Maybe because you're perfectly satisfied with whatever software version you're using and have found "upgrades" to be buggy, for starters. Case in point, Norton Internet Security 2005. Downloaded the upgrade from the Symantec website, paid $45 for it, and now I need to format c:/. I don't want to format c:/. It is a PITA to do that, and I'm going to have to back up a lot of shareware and use up hours of my life because Symantec doesn't have a decent uninstall/upgrade program and messed up my hard drive on my one year old laptop. I used CheckFree for a decade or more, but Quicken bought them out. Same services at the same price ($12.95/mo)for their newly-acquired CheckFree customers, but they charged their other customers less ($9.95/mo). Then my credit union came out with a great deal: no charge at all for sending at least 4 e-payments per month! And they provide online tools for reconciling your monthly statement, plus I get a monthly snail mail statement, and I can send incidental payments via online, like the flowers for a funeral I just sent a couple of weeks ago. Check around to find out what credit unions are available to you. They are usually a much better deal than regular banks, and not all credit unions are closed to their particular species. For example, mine is open to other family members who aren't in my profession.

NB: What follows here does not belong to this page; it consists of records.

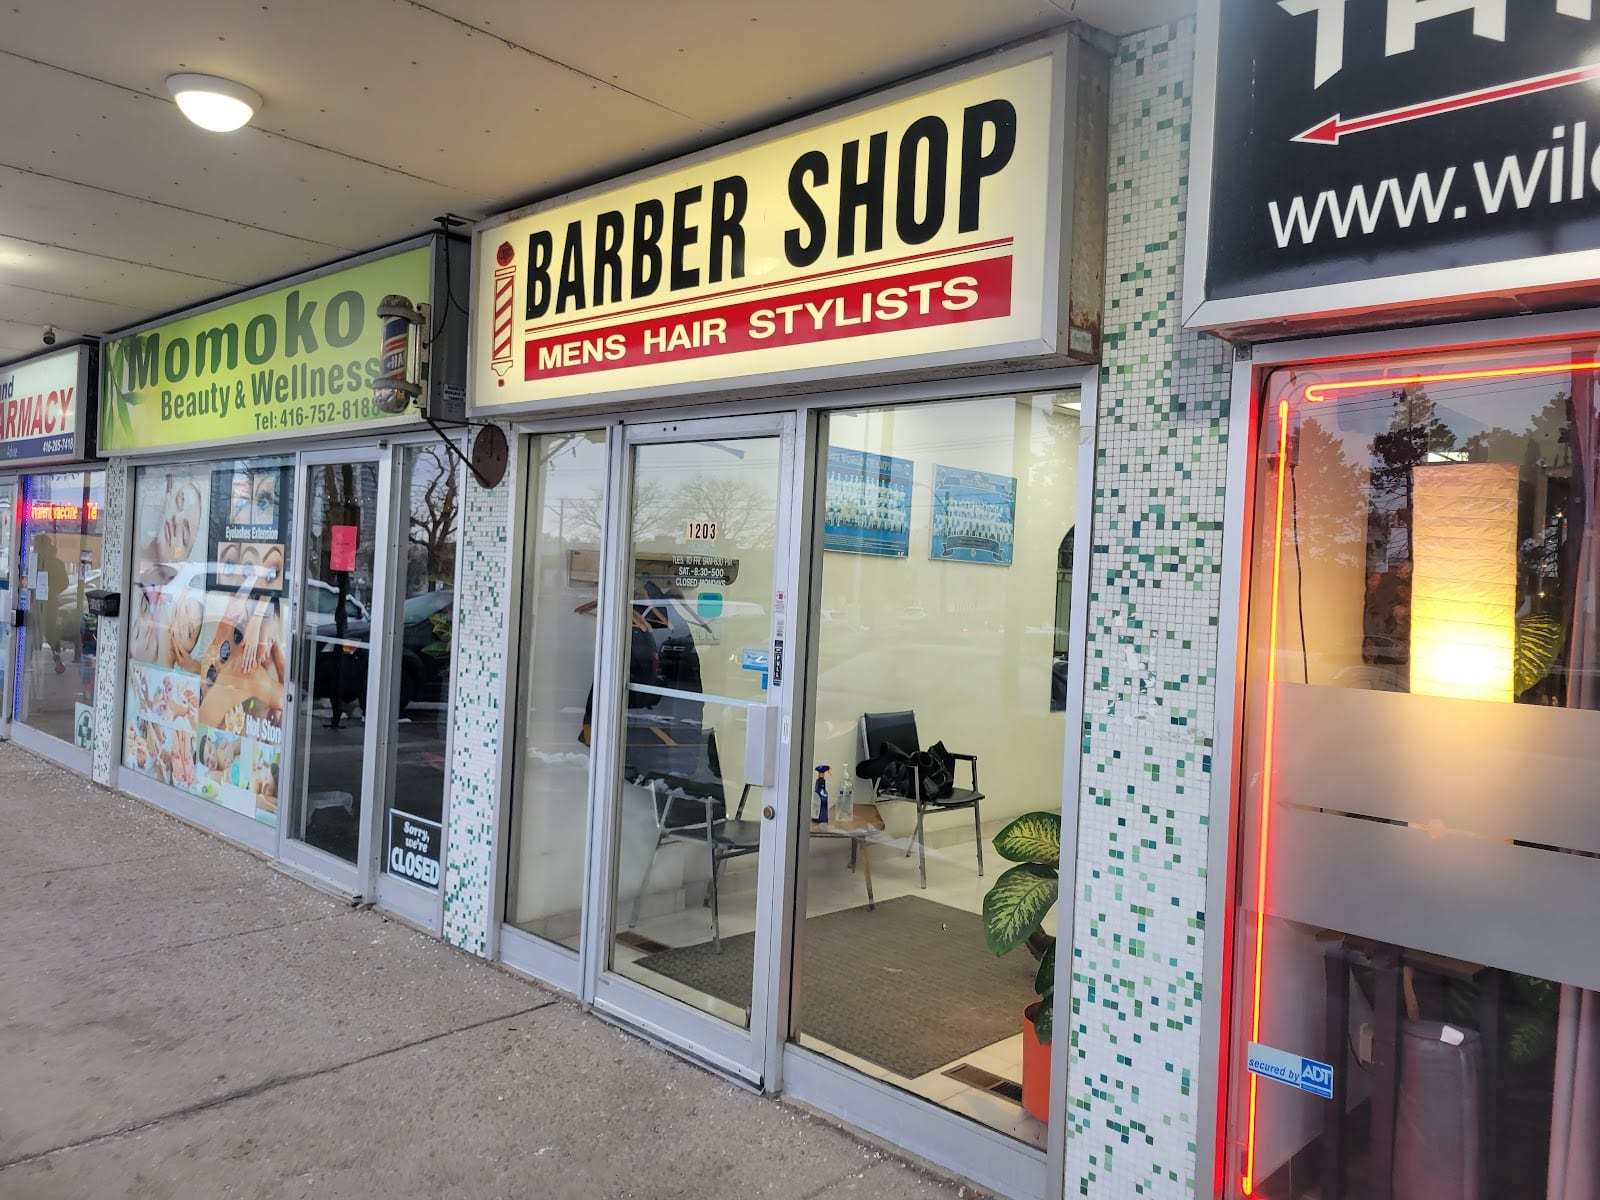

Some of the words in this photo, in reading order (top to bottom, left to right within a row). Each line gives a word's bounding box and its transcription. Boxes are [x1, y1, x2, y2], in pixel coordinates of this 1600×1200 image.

[1268, 121, 1600, 248] www.wil
[525, 175, 748, 320] BARBER
[784, 98, 1018, 268] SHOP
[538, 333, 627, 371] MENS
[643, 317, 728, 356] HAIR
[748, 275, 980, 339] STYLISTS
[127, 290, 365, 392] Momoko
[161, 382, 231, 421] Beauty
[235, 380, 246, 409] &
[251, 358, 380, 406] Wellness
[254, 412, 278, 431] Tel:
[280, 398, 380, 428] 416-752-8188
[225, 526, 251, 541] Eyelashes
[251, 527, 278, 540] Extension
[689, 523, 716, 539] 1203
[675, 578, 698, 587] CLOSED
[246, 713, 260, 738] Hot
[403, 821, 430, 843] Sorry,
[405, 837, 428, 853] we're
[391, 846, 440, 885] CLOSED
[1248, 1059, 1286, 1076] secured
[1288, 1069, 1300, 1081] by
[1302, 1065, 1331, 1085] ADT
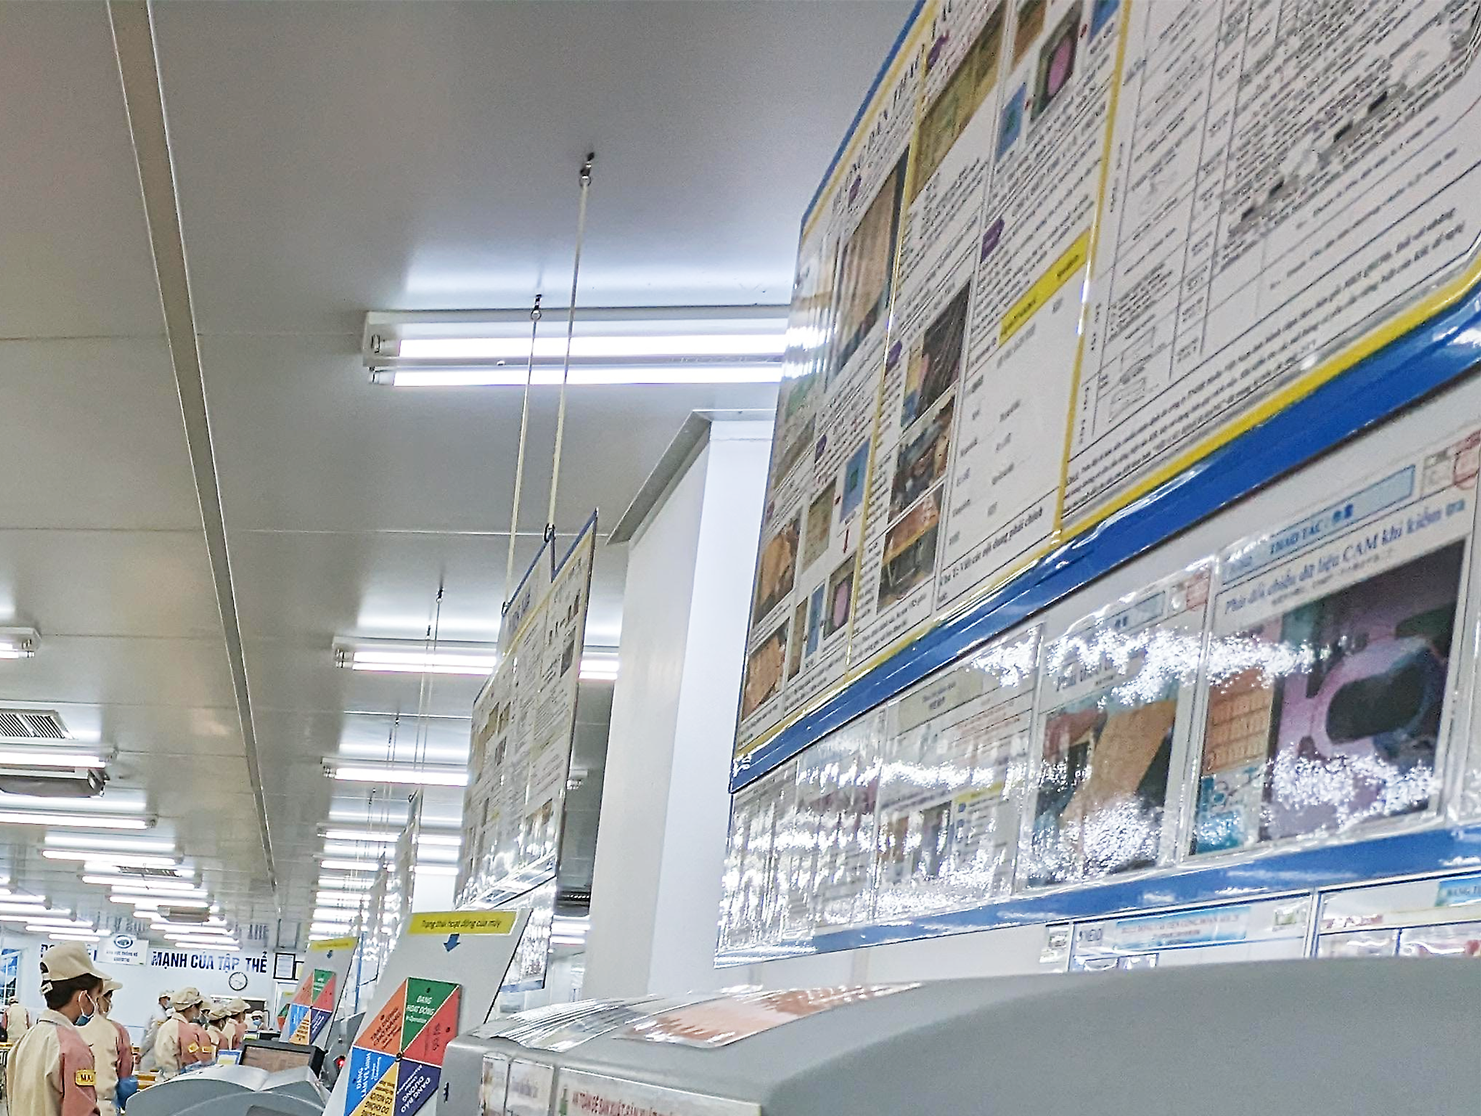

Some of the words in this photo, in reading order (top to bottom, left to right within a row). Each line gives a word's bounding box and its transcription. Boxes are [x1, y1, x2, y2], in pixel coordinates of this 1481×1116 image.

Except that their service really isn't. See, instead of hooking your program straight up to the banks systems (which they could do), they route everything through their servers.
So, once they decide it has been long enough since you bought your old version and now you need to shell out more to get the same functionality, they disable the service for the older versions.
The point is, the service doesn't have to be this way. It's only there to force consumers to get a newer version of Quicken! They could easily have written it to allow consumers to talk directly to banks... but then the consumers wouldn't need them anymore. It's planned obsolensce.